I am sick with longing,
O my Belovéd;
Therefore bear me with thee
Swiftly
Upon our road.
We have “feet,” “pleasant ways,” “path,” and “upon our road” with “silver birds,” “dove,” and “swan.” Are we walking or flying? If we’re walking, why birds? And then, “foam of the sea” and “deep waters.” What is being conveyed and how? Why grounded wet birds?
IV
With the net of thy hair
Thou hast fished in the sea,
And a strange fish
Hast thou caught in thy net;
For thy hair,
Belovéd,
Holdeth my heart
Within its web of gold.
Fish and spiders. Why not?V
I am weary with love, and thy lips
Are night-born poppies.
Give me therefore thy lips
That I may know sleep.VI
I am weary with longing,
I am faint with love;
For upon my head has the moonlight
Fallen
As a sword.
My wife said Cannéll’s “trying too hard to be deep.” He’s exuberant without focus. Pound cut swaths out of Eliot’s ‘The Waste Land.” He took a knife to Ulyssess. No idea what stayed his hand here.

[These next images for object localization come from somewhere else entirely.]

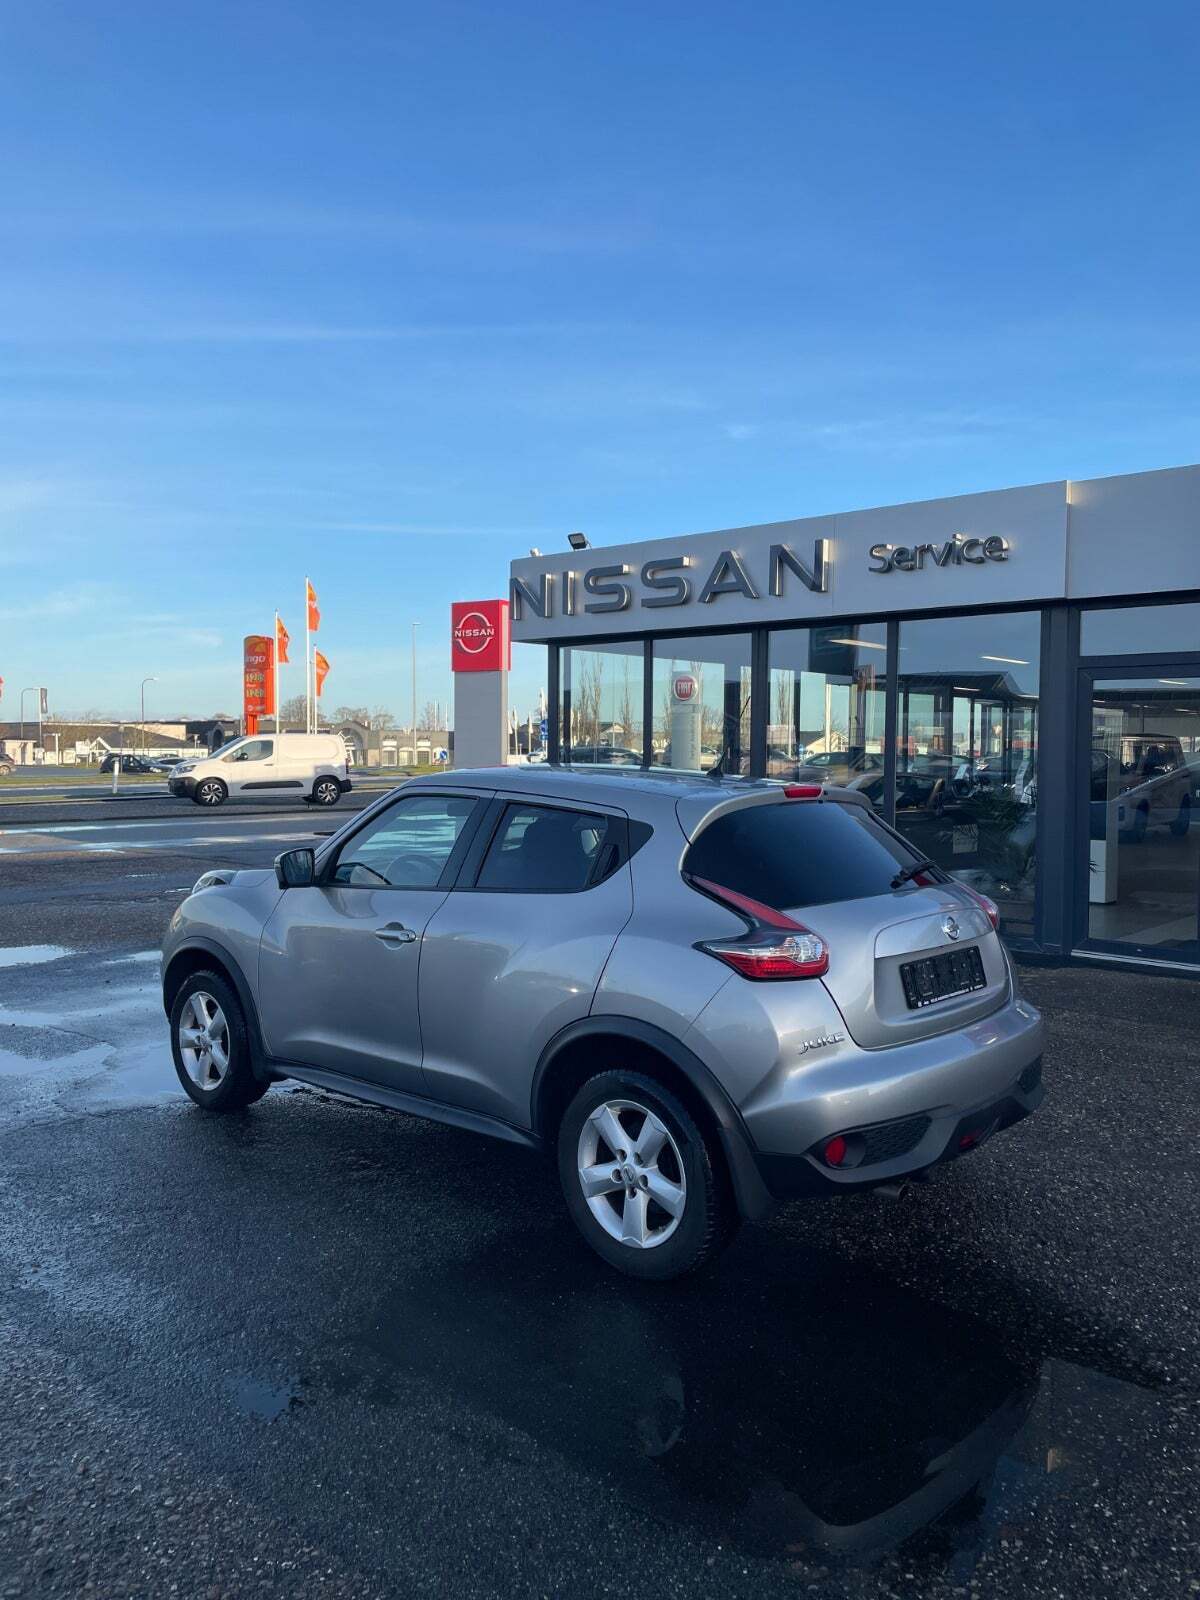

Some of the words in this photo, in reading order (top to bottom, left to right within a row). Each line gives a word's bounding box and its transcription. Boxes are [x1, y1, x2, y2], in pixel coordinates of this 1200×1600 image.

[509, 538, 831, 621] NISSAN
[868, 533, 1009, 574] Service
[454, 628, 495, 638] NISSAN
[677, 681, 693, 693] FIAT
[799, 1031, 846, 1055] JUKE

Before the publication of Des Imagistes, “Nocturnes” was published in the August, 1913 issue of Poetry, doubtless at Pound’s suggestion as foreign correspondent for the magazine. With it is published “Nocturne Triste,” a prose poem companion also by Cannéll.
Nocturne Triste
The Iridescence of sunrise over the ocean gleams on the wings of a fly; and on the cheeks of a girl blooms the delicate flush of a peach: but the fly hovers above the refuse of the world, and at the heart of the peach gnaws a worm.
The night wind is cold like the fingers of death, the sky purple like a cup of Tyrian poison, the gleam of the moon white like the flesh of a leper, and the sea dark like the wings of a bat.

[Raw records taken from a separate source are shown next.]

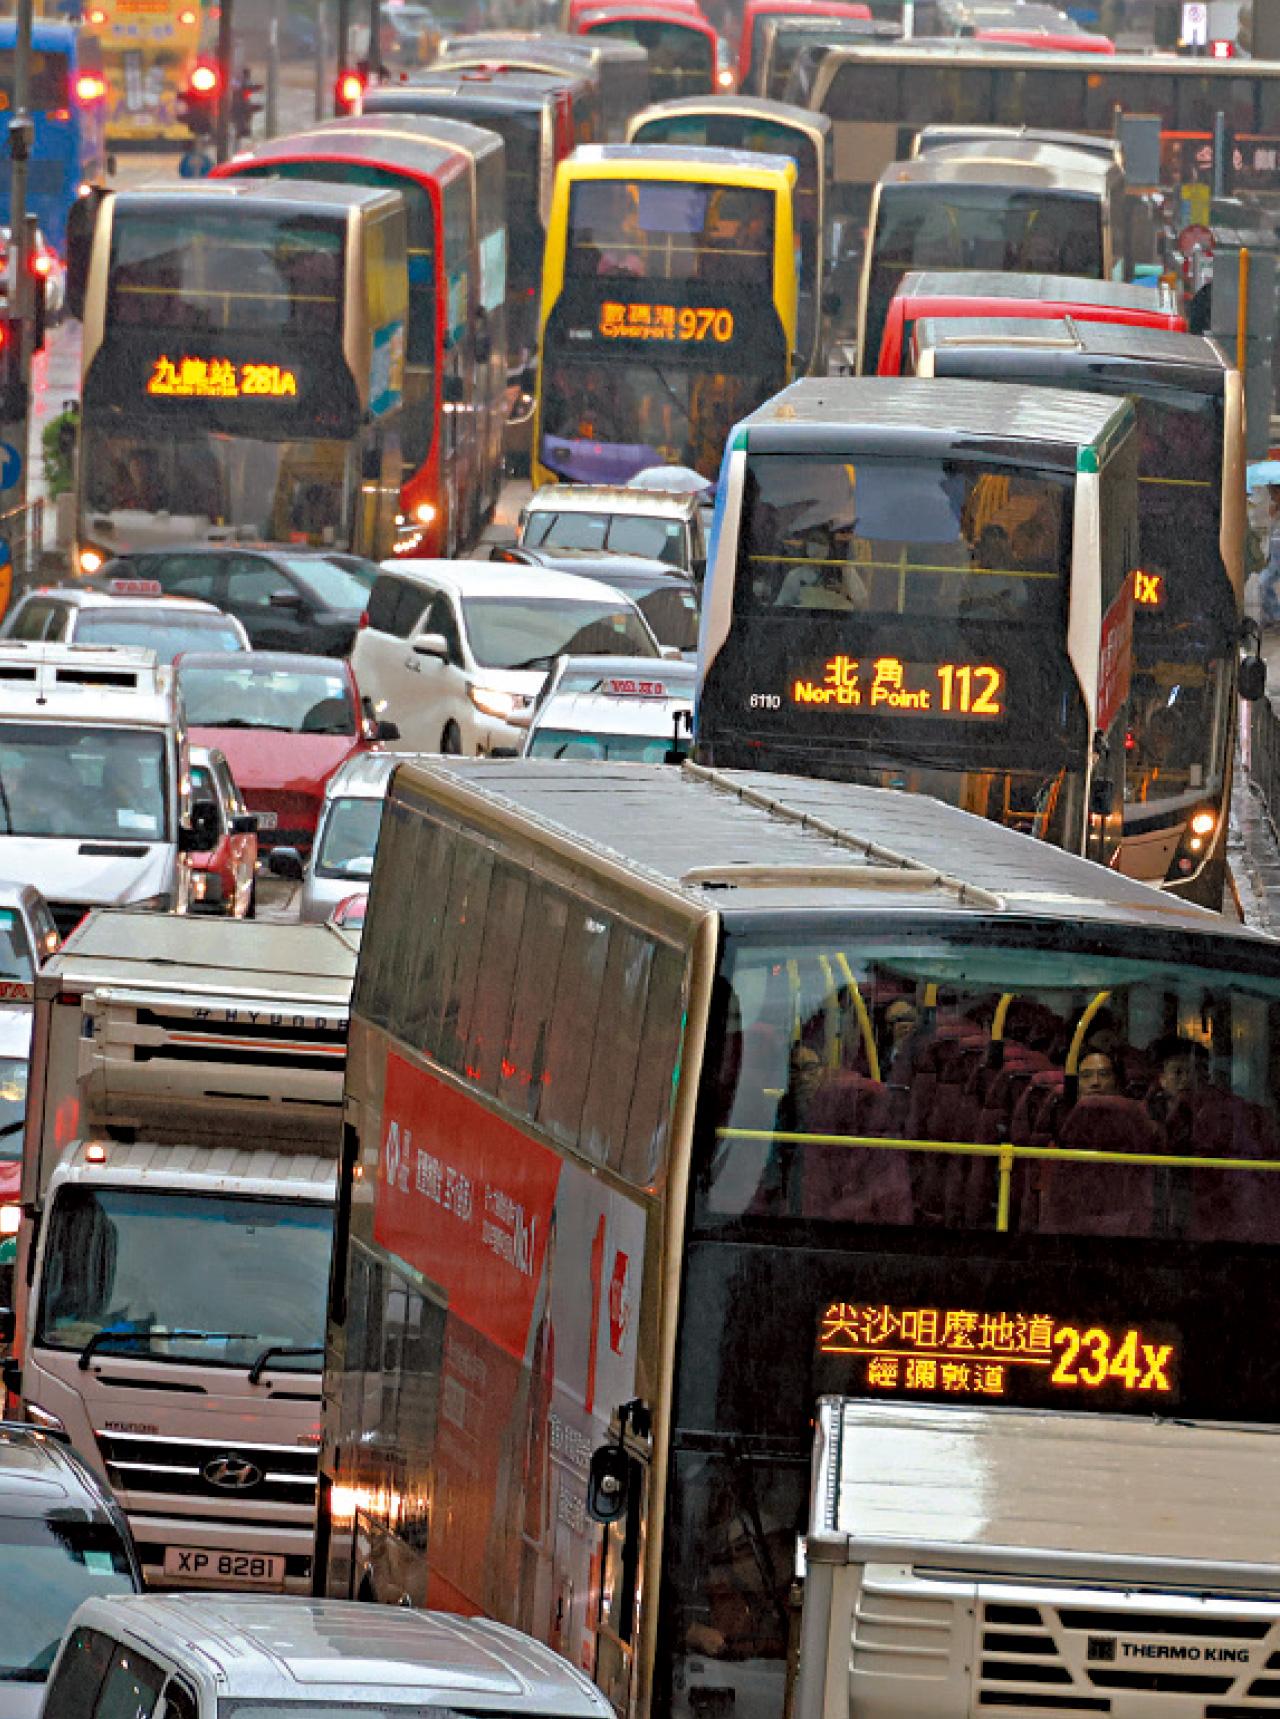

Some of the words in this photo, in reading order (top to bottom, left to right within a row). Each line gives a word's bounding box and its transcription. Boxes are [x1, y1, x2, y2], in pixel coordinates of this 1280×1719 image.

[678, 307, 734, 342] 970
[824, 655, 904, 688] 北角
[793, 680, 861, 705] North
[869, 686, 931, 710] Point
[936, 664, 1001, 714] 112
[867, 1355, 1005, 1395] 經彌敦道
[178, 1552, 208, 1572] XP
[218, 1554, 274, 1578] 8281
[1121, 1642, 1200, 1661] THERMO
[1204, 1648, 1249, 1663] KING
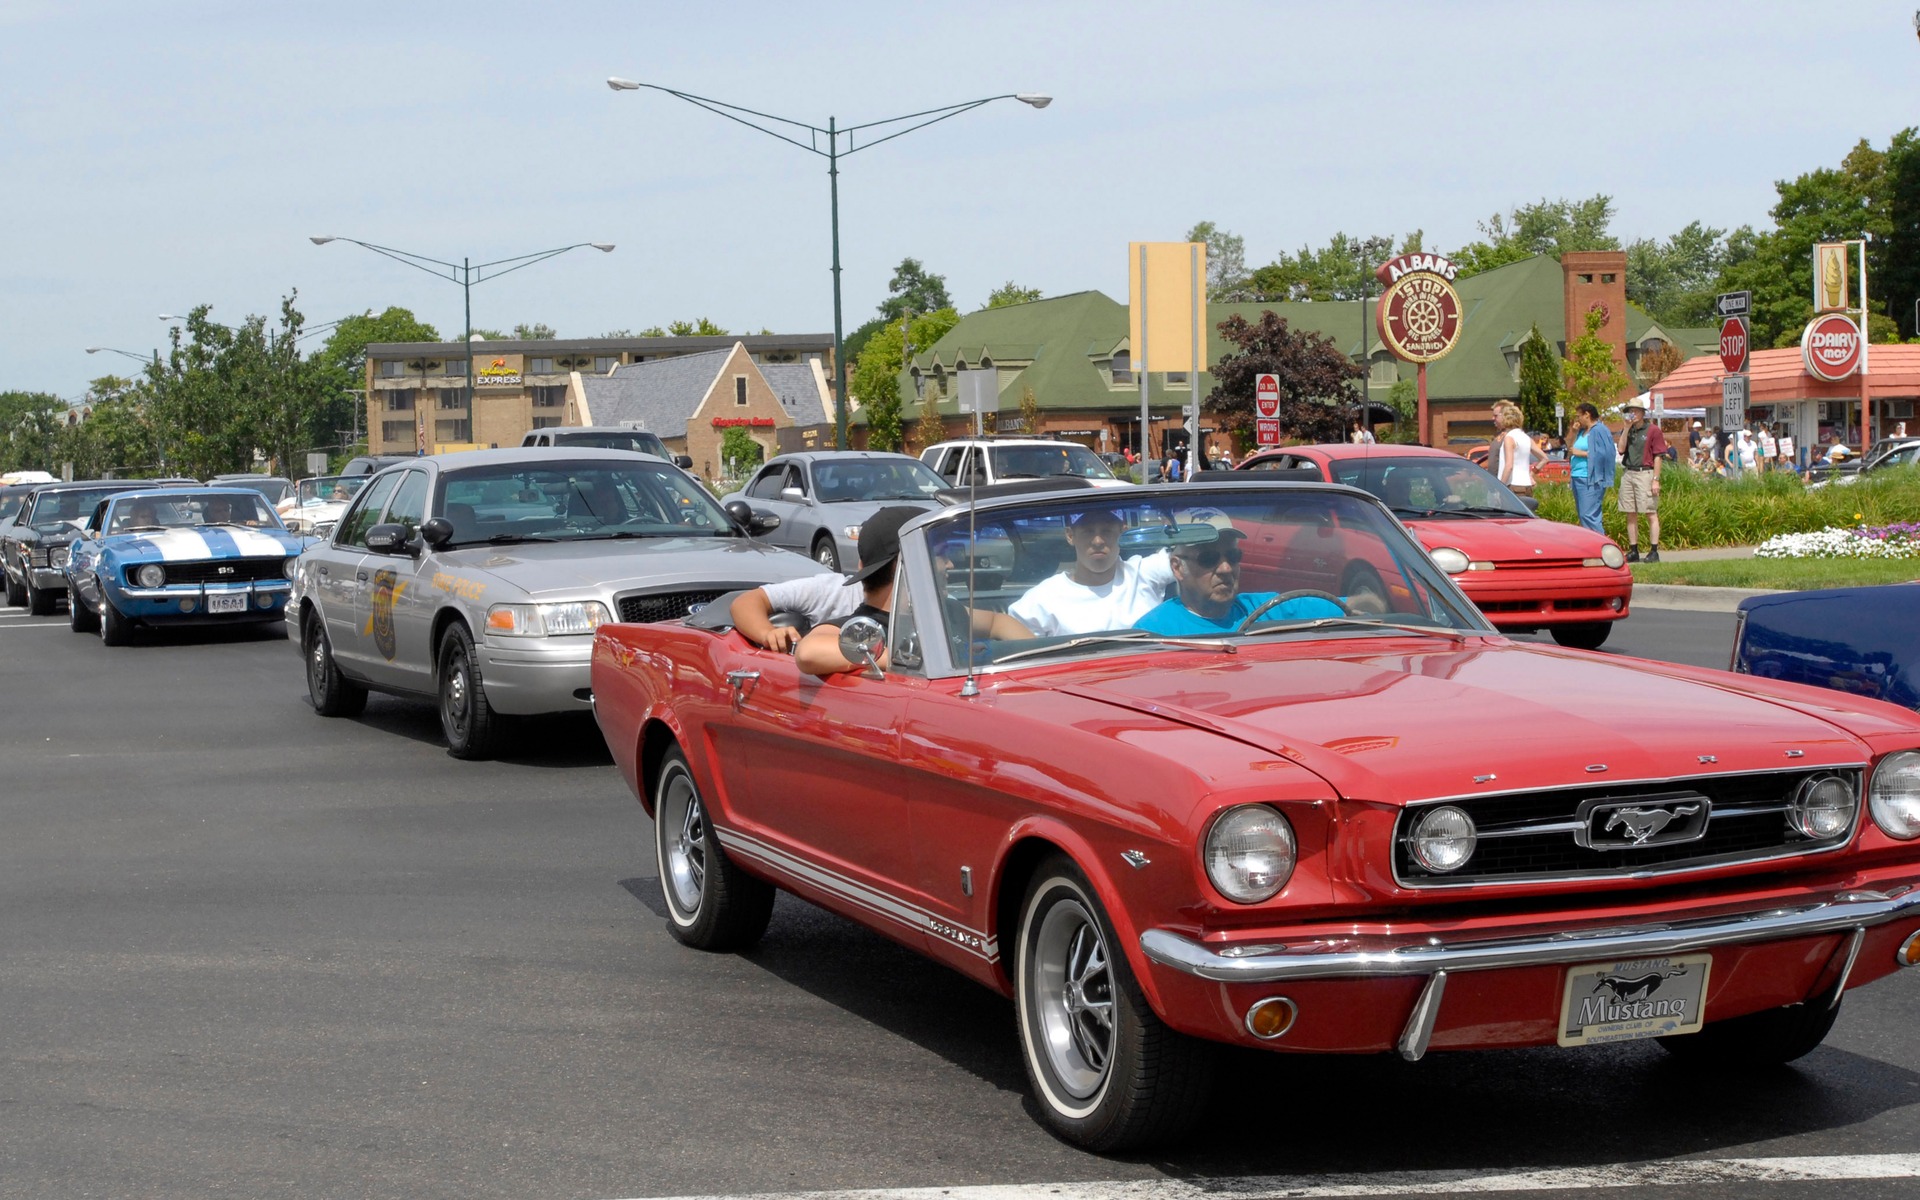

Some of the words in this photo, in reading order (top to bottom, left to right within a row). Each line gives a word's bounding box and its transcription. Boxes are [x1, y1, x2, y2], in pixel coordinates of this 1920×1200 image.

[1389, 255, 1458, 282] ALBANS
[1402, 280, 1441, 298] STOP
[1402, 294, 1418, 309] TURN
[1419, 292, 1428, 300] IN
[1725, 299, 1735, 309] ONE
[1735, 299, 1744, 307] WAY
[1407, 329, 1420, 341] BIG
[1420, 328, 1442, 343] WHEEL
[1812, 332, 1858, 348] DAIRY
[1406, 342, 1443, 351] SANDWICH
[1721, 335, 1744, 357] STOP
[1823, 348, 1847, 359] mat
[477, 376, 522, 384] EXPRESS
[1724, 382, 1742, 395] TURN
[1261, 401, 1275, 409] ENTER
[1725, 397, 1741, 411] LEFT
[712, 417, 749, 427] Flagstar
[751, 417, 774, 425] Bank
[1724, 413, 1742, 426] ONLY
[1259, 423, 1277, 432] WRONG
[1263, 433, 1275, 441] WAY
[218, 566, 234, 574] SS
[431, 572, 455, 592] STATE
[452, 577, 487, 600] POLICE
[1613, 958, 1670, 972] MUSTANG
[1577, 995, 1687, 1026] Mustang
[1597, 1024, 1624, 1033] OWNERS
[1625, 1022, 1642, 1031] CLUB
[1645, 1021, 1654, 1029] OF
[1586, 1032, 1633, 1044] SOUTHEASTERN
[1635, 1029, 1664, 1039] MICHIGAN

My Beloved looks at me, and her eyes are hard and cold, her slender fingers cold and limp, and her parted lips turning from mine bring forth no word.
I was annoyed by “Nocturnes” years before learning of the existence of “Nocturne Triste.” I tried to give the new poem an unbiased look, but was bothered in the first sentence. “Iridescence” doesn’t act. It’s an effect. It can’t gleam on the wings of a fly. Sunlight might cause the wings to become iridescent, but there is no transitive capable iridescence. As far as I’ve read, leper skin is red, not white. I’m giving a pass to Tyrian poison being purple, but I’d recommend rephrasing if I were asked.
In both poems, there’s passion – or a pose of passion – and energy, but he fails at the basics. There’s no cohesion and imprecise language is distracting. I don’t much like either. “Nocturnes” doesn’t fit Des Imagistes. The rest of the book’s pretty good, which makes “Nocturnes” seem worse still.